Powrót z raju


Autor: linka-1
16 lutego 2007, 11:16

Wróciłam… i nagle moje mieszkanie wydało mi się zupełnie obce, a ja nie mogę sobie znaleźć miejsca we własnym łóżku. Ten niewielki pokój, w którym mieszkaliśmy przez te 6 dni (od 10.02 do 15.02), stał się moim domem… Tak się do niego przyzwyczaiłam, że otwierając rano oczy byłam przekonana, że go ujrzę… I że wystarczy się obrócić, by móc przytulić się do ciepłego ciała ukochanego mężczyzny i pocałować go na dzień dobry.

Nie potrafię wyrazić słowami tego, co czuję… Ten wyjazd był po prostu bajeczny, a ja czułam się tak szczęśliwa, jak jeszcze nigdy w życiu. Nie zmieniłabym ani jednej rzeczy, ani jednej sekundy, nawet pomimo tego, iż zdarzyły się dwie smutniejsze chwile.

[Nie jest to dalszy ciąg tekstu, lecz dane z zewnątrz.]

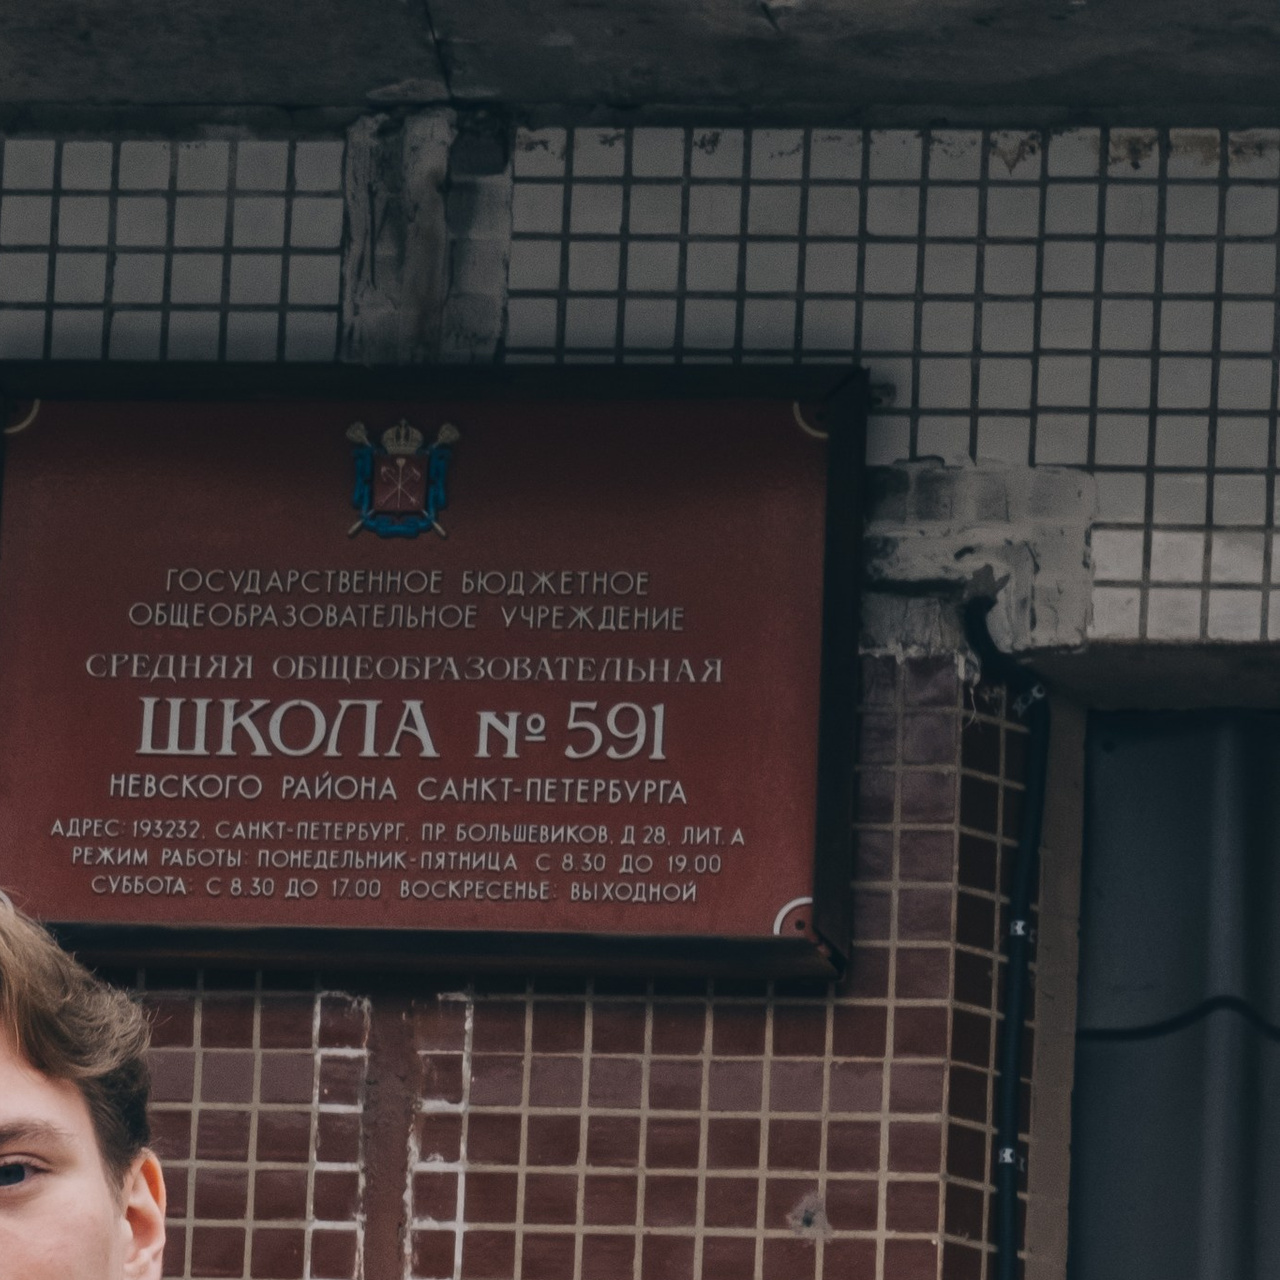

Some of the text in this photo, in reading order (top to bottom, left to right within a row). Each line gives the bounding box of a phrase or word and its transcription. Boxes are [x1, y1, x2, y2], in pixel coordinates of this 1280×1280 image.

[166, 568, 649, 596] ГОСУДАРСТВЕННОЕ БЮДЖЕТНОЕ
[128, 602, 685, 631] ОБЩЕОБРАЗОВАТЕЛЬНОЕ УЧРЕЖДЕНИЕ
[85, 653, 724, 684] СРЕДНЯЯ ОБЩЕОБРАЗОВАТЕЛЬНАЯ
[135, 696, 667, 760] ШКОЛА № 591
[109, 771, 688, 805] НЕВСКОГО РАЙОНА САНКТ-ПЕТЕРБУРГА
[50, 818, 125, 838] АДРЕС:
[456, 823, 613, 845] БОЛЬШЕВИКОВ,
[730, 828, 746, 846] А
[71, 846, 149, 867] РЕЖИМ
[161, 848, 249, 868] РАБОТЫ:
[535, 853, 552, 871] С
[561, 853, 606, 872] 8.30
[619, 854, 653, 874] ДО
[668, 854, 722, 874] 19.00
[91, 875, 698, 903] СУББОТА: С 8.30 ДО 17.00 ВОСКРЕСЕНЬЕ: ВЫХОДНОЙ

Nie mogło być już piękniej i lepiej… Ten pobyt w Polanicy pozostanie w moich wspomnieniach na zawsze i na pewno jeszcze nie raz będę do niego wracała myślami.

To takie niesamowite – móc wszystko robić razem… Wspólne zakupy, przygotowywanie posiłków, sprzątanie, wspólny prysznic, spacery, powroty do domu… A przede wszystkim spędzanie ze sobą całego dnia i spanie w jednym łóżku… Zasypianie i budzenie się u jego boku, możliwość wtulenia się w nocy w jego ramiona… Tak bardzo mi tego wszystkiego brakuje, że niemalże czuję się nieszczęśliwa. Tęsknota za nim nigdy nie była tak ogromna i dojmująca jak teraz… Do niedawna mogłam sobie tylko wyobrażać, jakby to było, gdybyśmy mieszkali razem… Teraz już to wiem i chciałabym z nim zamieszkać choćby od zaraz. Od dawna wiedzieliśmy, że chcemy być ze sobą przez całe życie, ale teraz jeszcze się w tym przekonaniu utwierdziliśmy. Łączące nas uczucie zdaje się jeszcze przybierać na sile, choć przecież nie wydaje się to możliwe. Nagle okazało się, że oboje jesteśmy zupełnie nieobliczalni i niekiedy zwariowani, że lubimy się wspólnie powygłupiać i świetnie nam to wychodzi :P i nie ma takiej kwestii, której nie moglibyśmy poruszyć. To, co się działo w naszym pokoju przez te kilka dni, przechodzi ludzkie pojęcie :D. Myślę, że ludzie, którzy mieszkali za ścianą, odetchnęli z ulgą, kiedy wyjechaliśmy ;). Niewątpliwie byliśmy nieznośnymi sąsiadami, biorąc pod uwagę, że słychać było, jak ktoś w sąsiednim pokoju kaszle lub się śmieje :>. A z naszego pokoju dochodziła cała gama przeróżnych odgłosów – poczynając od istnego napadu głośnego śmiechu, niekiedy w środku nocy, przez jakieś pokwikiwania ;), westchnienia, nieartykułowane dźwięki, aż do…. ;).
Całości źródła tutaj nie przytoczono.